Data records:
▼▼▼

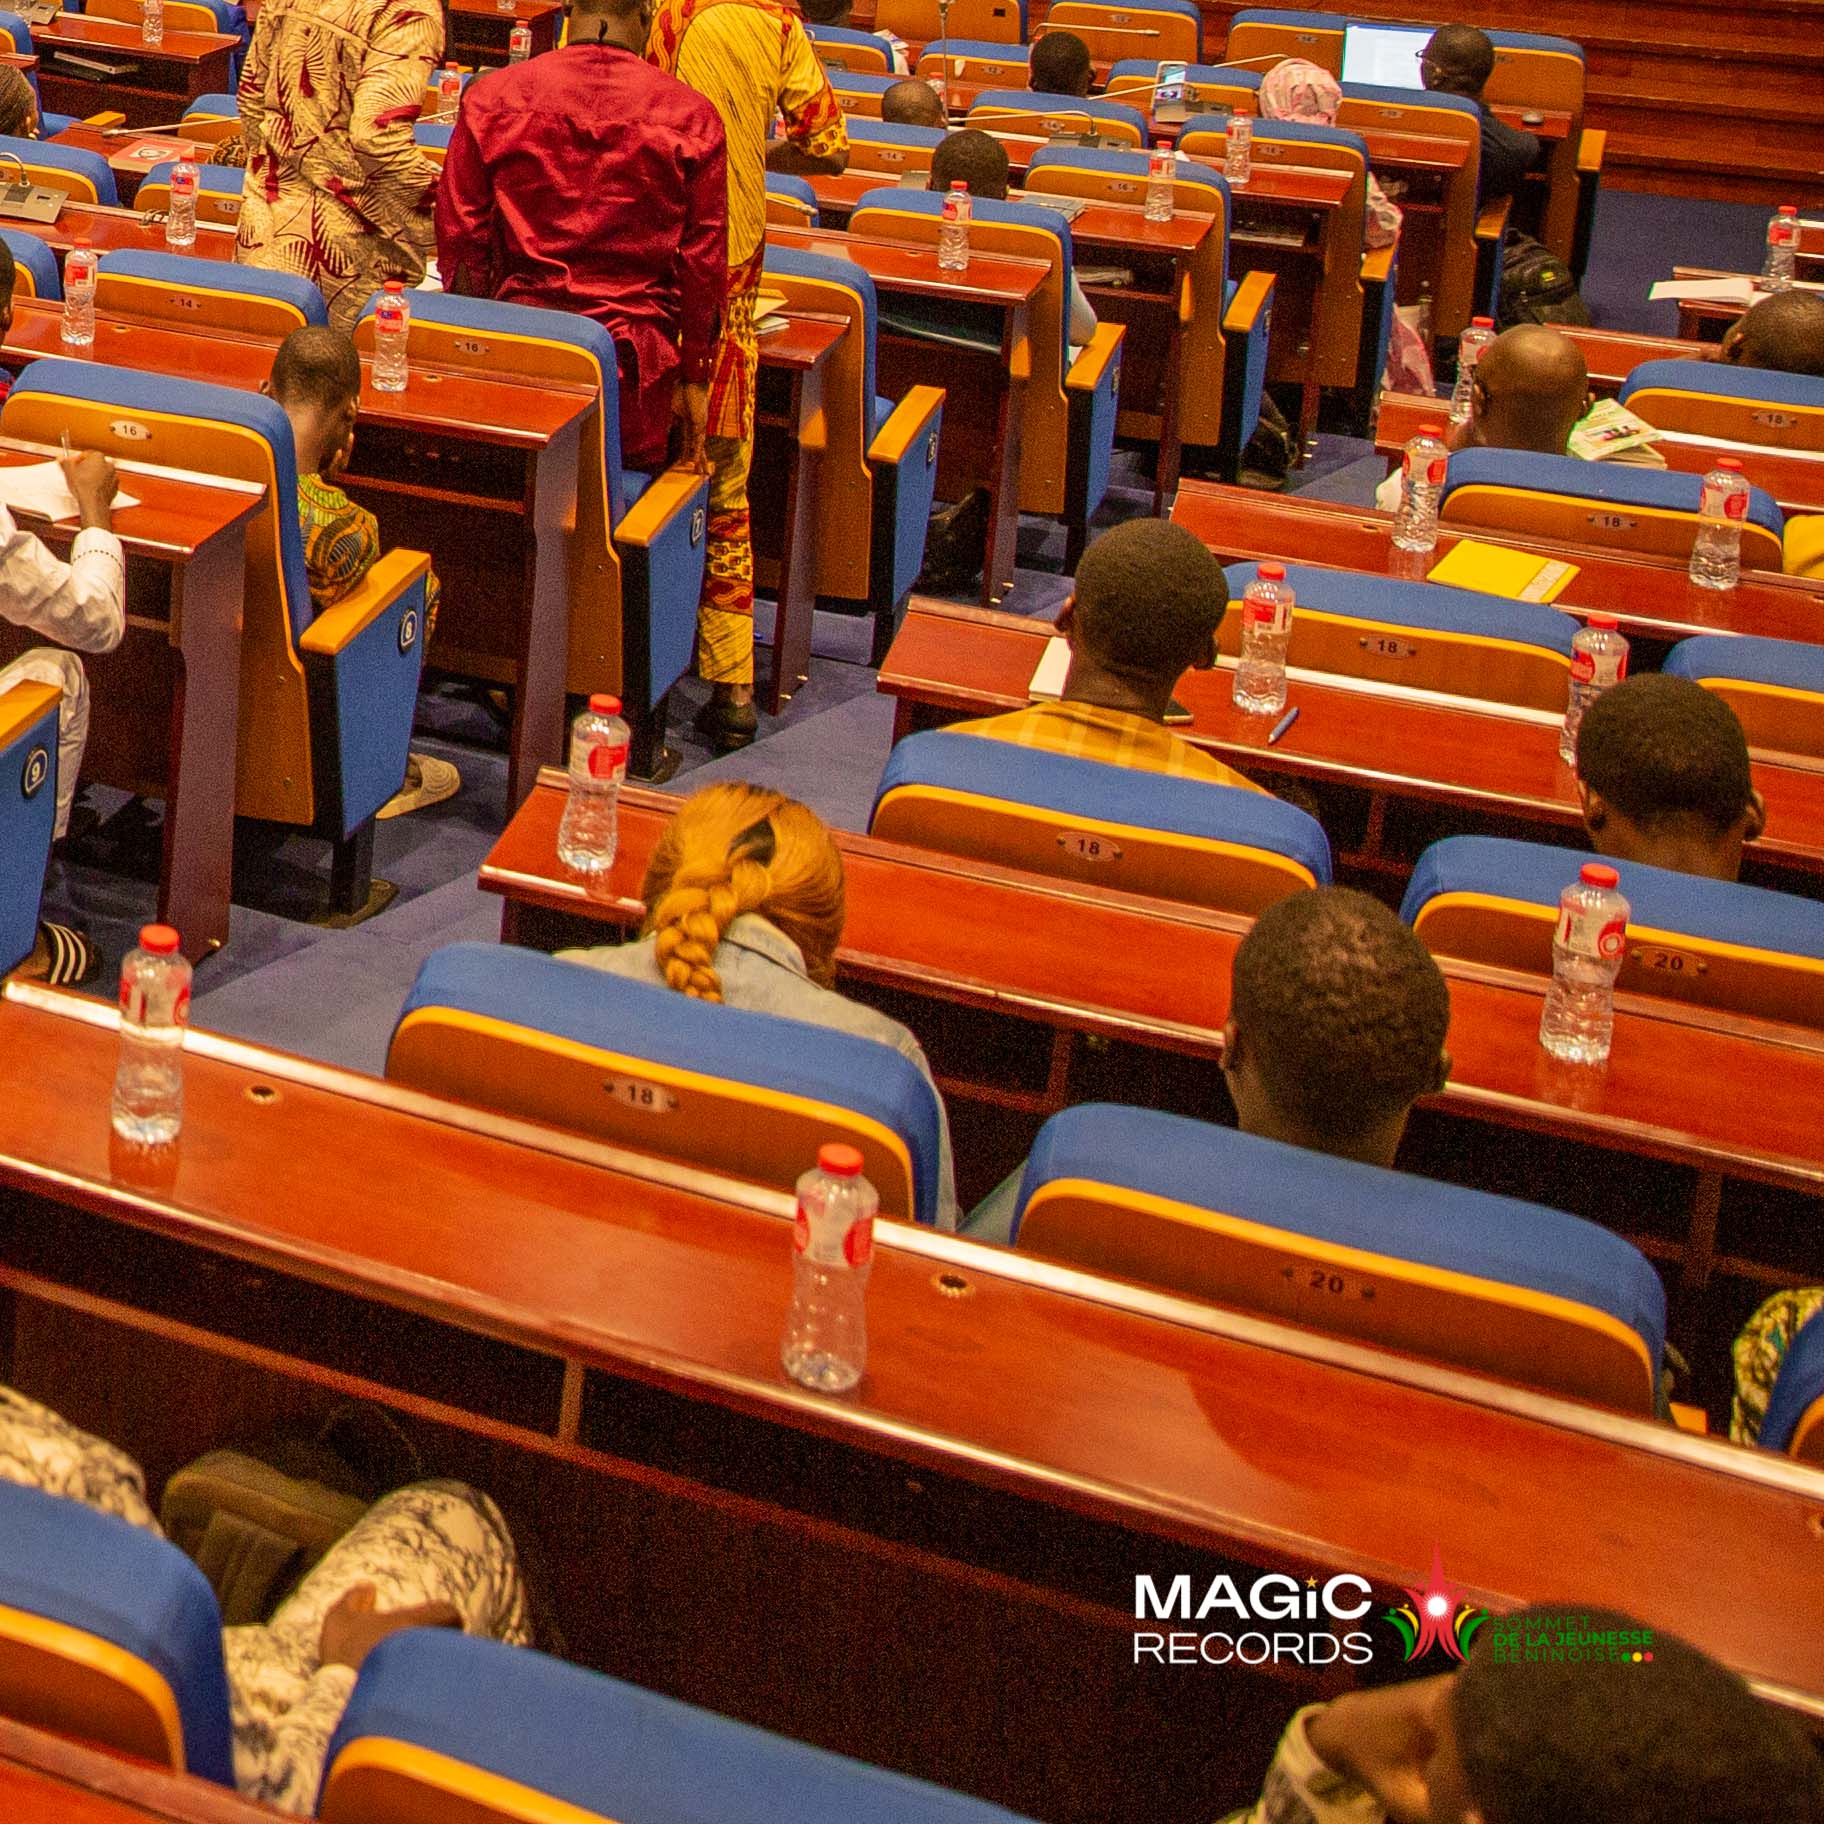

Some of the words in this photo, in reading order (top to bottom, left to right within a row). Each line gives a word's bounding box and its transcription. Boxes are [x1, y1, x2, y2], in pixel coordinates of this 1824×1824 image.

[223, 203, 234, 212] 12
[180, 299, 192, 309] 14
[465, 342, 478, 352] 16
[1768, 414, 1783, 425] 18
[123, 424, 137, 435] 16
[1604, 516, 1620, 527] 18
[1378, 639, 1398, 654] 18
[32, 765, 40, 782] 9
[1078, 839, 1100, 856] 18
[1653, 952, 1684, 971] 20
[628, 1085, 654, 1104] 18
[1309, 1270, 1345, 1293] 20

▲▲▲

● Problem to work on: What is wanted is a verbatim transcription of every record above, pictures excluded.

● Response:
Some of the words in this photo, in reading order (top to bottom, left to right within a row). Each line gives a word's bounding box and its transcription. Boxes are [x1, y1, x2, y2], in pixel coordinates of this 1824×1824 image.

[223, 203, 234, 212] 12
[180, 299, 192, 309] 14
[465, 342, 478, 352] 16
[1768, 414, 1783, 425] 18
[123, 424, 137, 435] 16
[1604, 516, 1620, 527] 18
[1378, 639, 1398, 654] 18
[32, 765, 40, 782] 9
[1078, 839, 1100, 856] 18
[1653, 952, 1684, 971] 20
[628, 1085, 654, 1104] 18
[1309, 1270, 1345, 1293] 20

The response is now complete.